_ABOUT THIS EXERCISE_
Reproduce every record below exactly, with the pictures left out.

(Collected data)

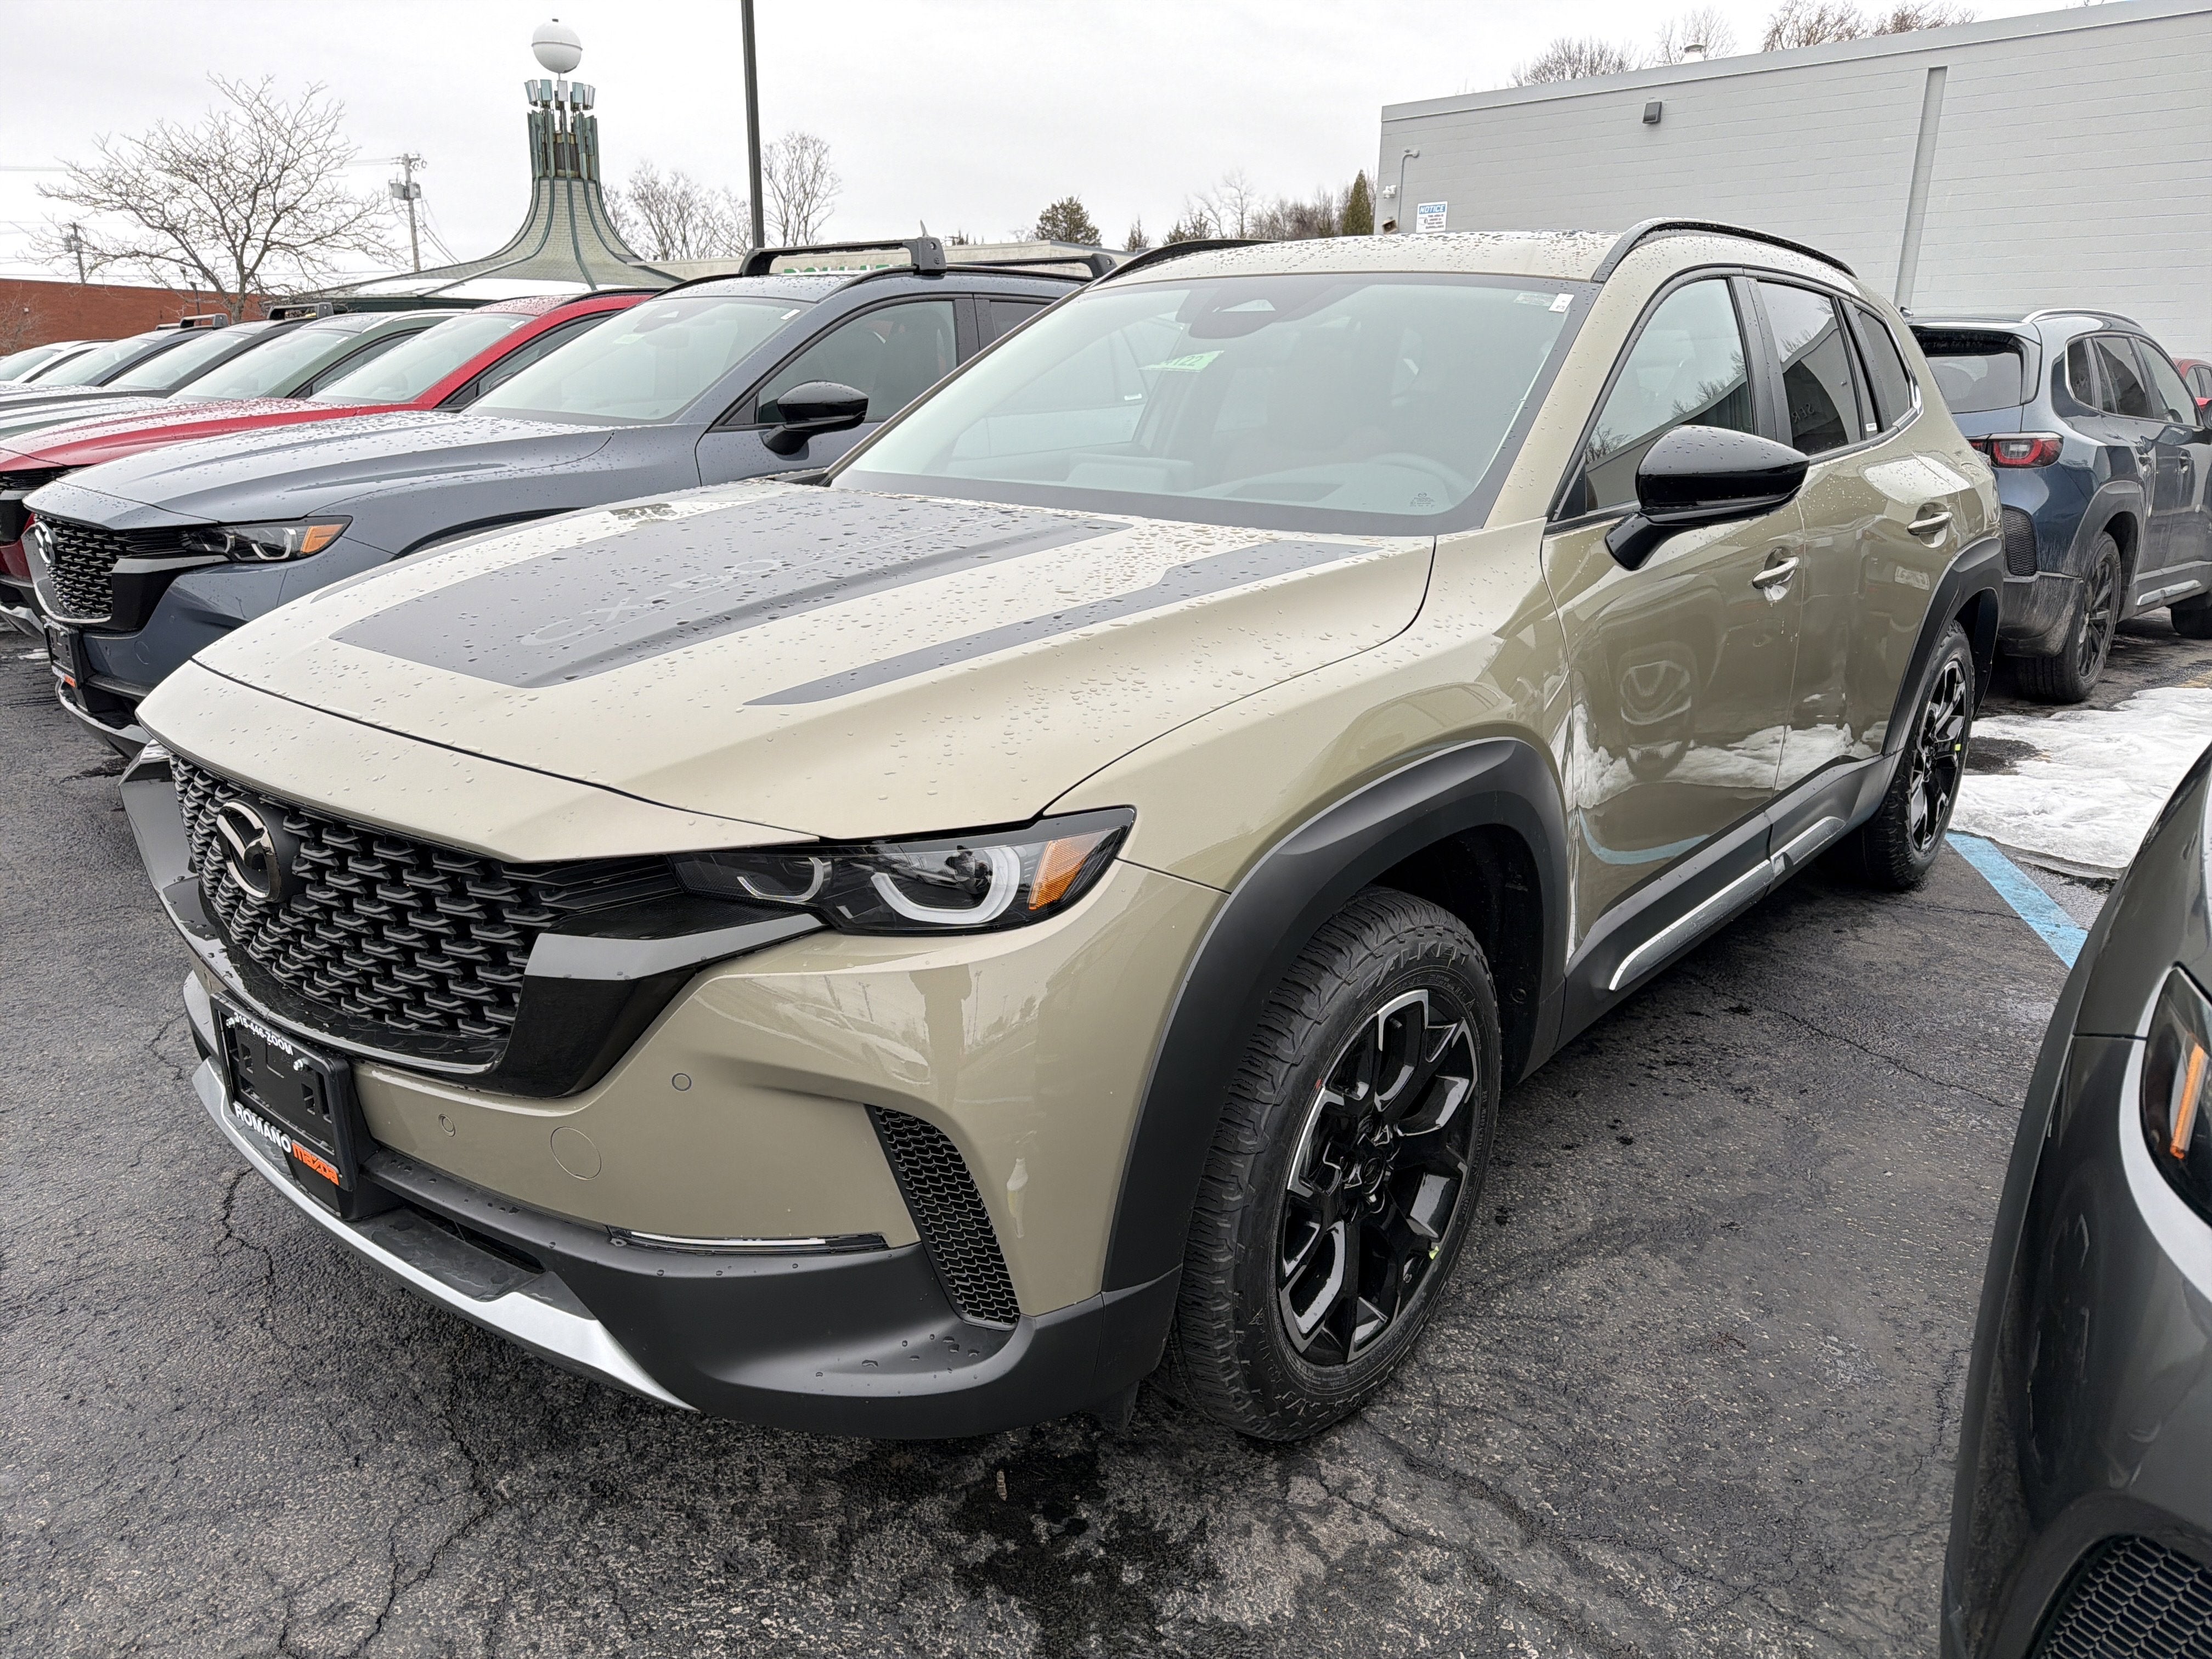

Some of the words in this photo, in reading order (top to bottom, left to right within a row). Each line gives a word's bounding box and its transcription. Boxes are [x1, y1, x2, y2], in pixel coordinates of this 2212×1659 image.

[1419, 205, 1445, 213] NOTICE
[520, 558, 789, 646] CX-50
[234, 1012, 294, 1056] 315-446-ZOOM
[233, 1101, 291, 1153] ROMANO
[292, 1140, 340, 1186] mazda
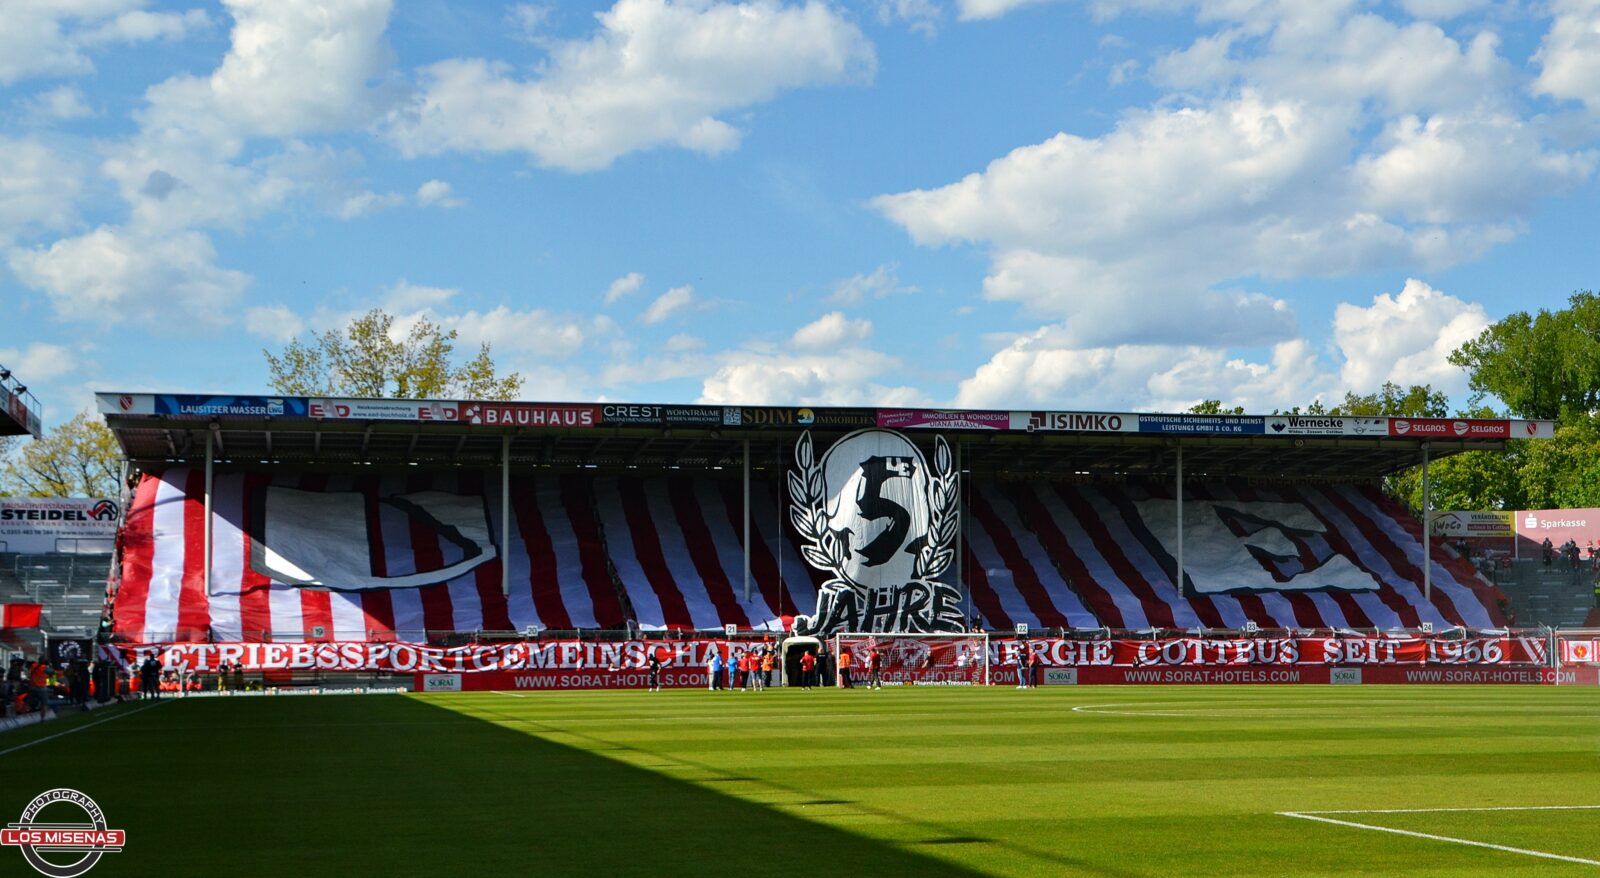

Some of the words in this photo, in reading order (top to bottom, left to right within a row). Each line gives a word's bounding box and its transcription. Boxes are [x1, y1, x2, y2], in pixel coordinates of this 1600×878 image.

_RESULT OF THIS EXERCISE_
Some of the words in this photo, in reading order (top to bottom, left to right within a row). Each line gives a word's bounding box and its transcription. Boxes are [x1, y1, x2, y2], in pixel coordinates of this 2212×1659 image.

[1419, 205, 1445, 213] NOTICE
[520, 558, 789, 646] CX-50
[234, 1012, 294, 1056] 315-446-ZOOM
[233, 1101, 291, 1153] ROMANO
[292, 1140, 340, 1186] mazda

Some of the words in this photo, in reading order (top to bottom, left to right within a row). Each line gives a word's bounding box and its transcription. Boxes are [x1, y1, x2, y2], in pixel coordinates of this 1600×878 image.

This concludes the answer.